Task goal
An exact copy of the listing below is needed, with no pictures in it.

Extracted information
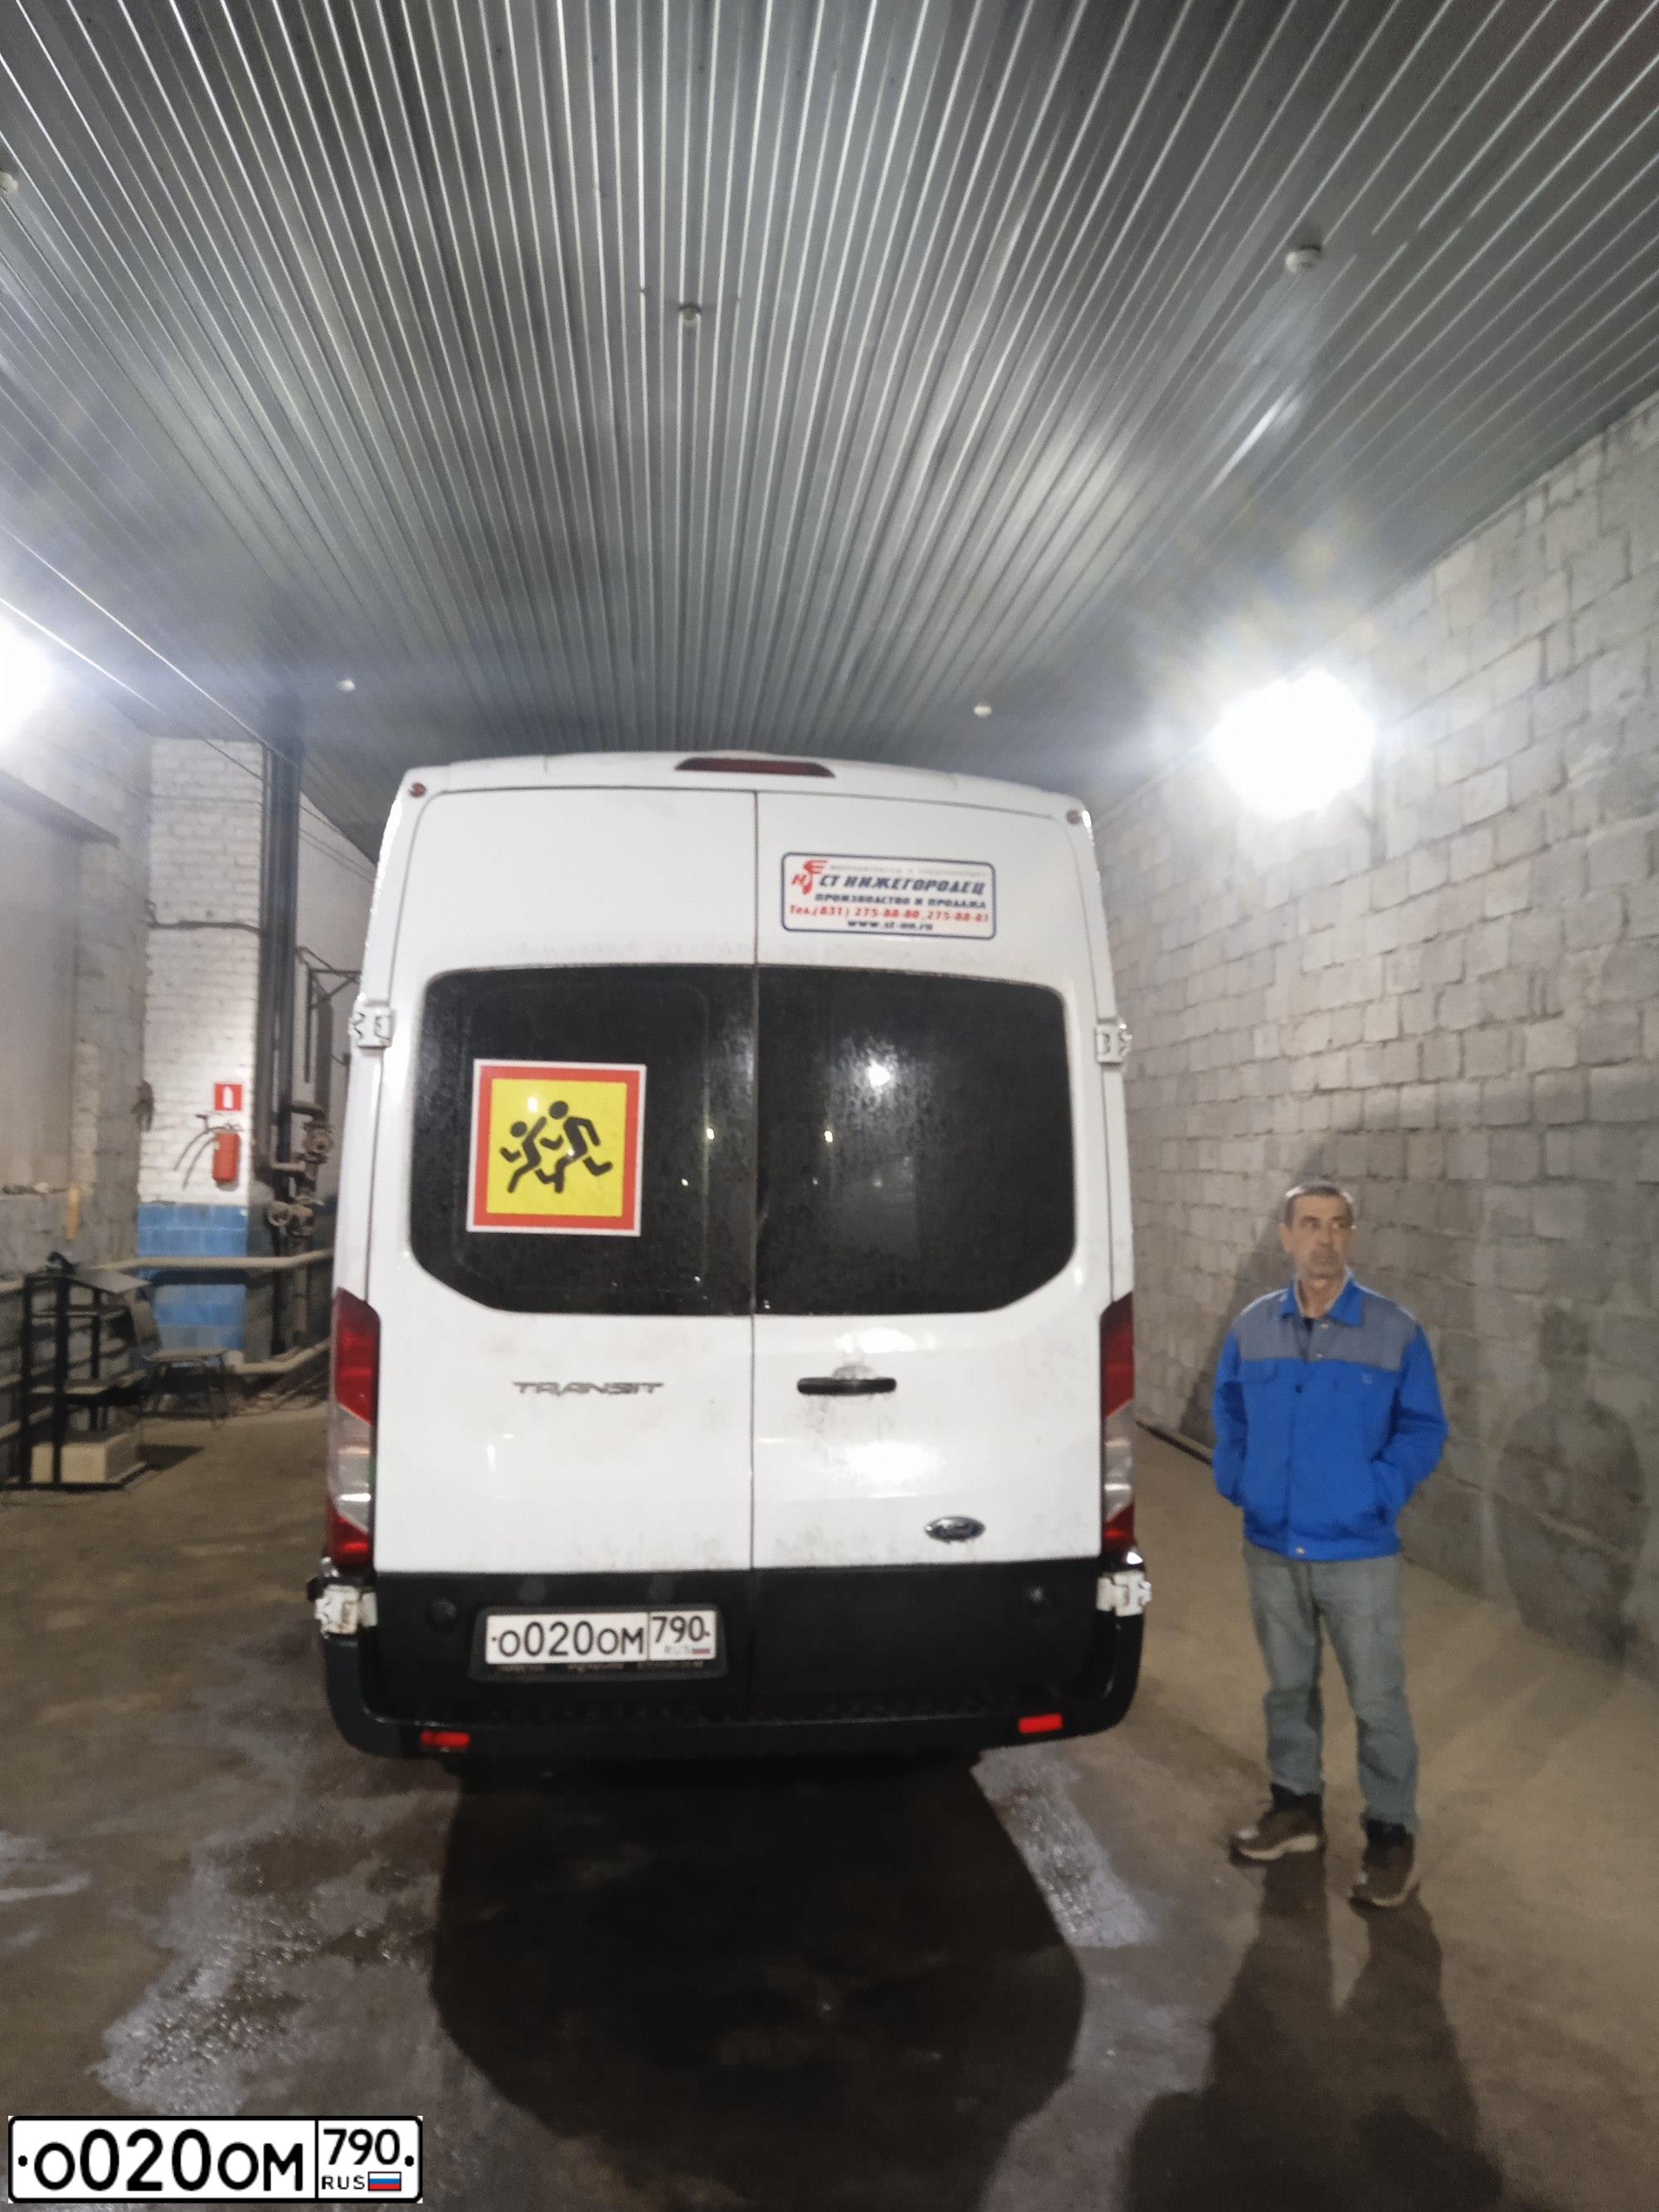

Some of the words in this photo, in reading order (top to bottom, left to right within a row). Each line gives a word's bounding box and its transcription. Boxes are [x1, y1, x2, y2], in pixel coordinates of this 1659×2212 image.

[819, 875, 840, 887] СТ
[843, 875, 985, 895] НИЖЕГОРОДЕЦ
[513, 1381, 664, 1396] TRANSIT
[651, 1615, 706, 1643] 790

Task output
Some of the words in this photo, in reading order (top to bottom, left to right within a row). Each line gives a word's bounding box and its transcription. Boxes are [x1, y1, x2, y2], in pixel coordinates of this 1659×2212 image.

[819, 875, 840, 887] СТ
[843, 875, 985, 895] НИЖЕГОРОДЕЦ
[513, 1381, 664, 1396] TRANSIT
[651, 1615, 706, 1643] 790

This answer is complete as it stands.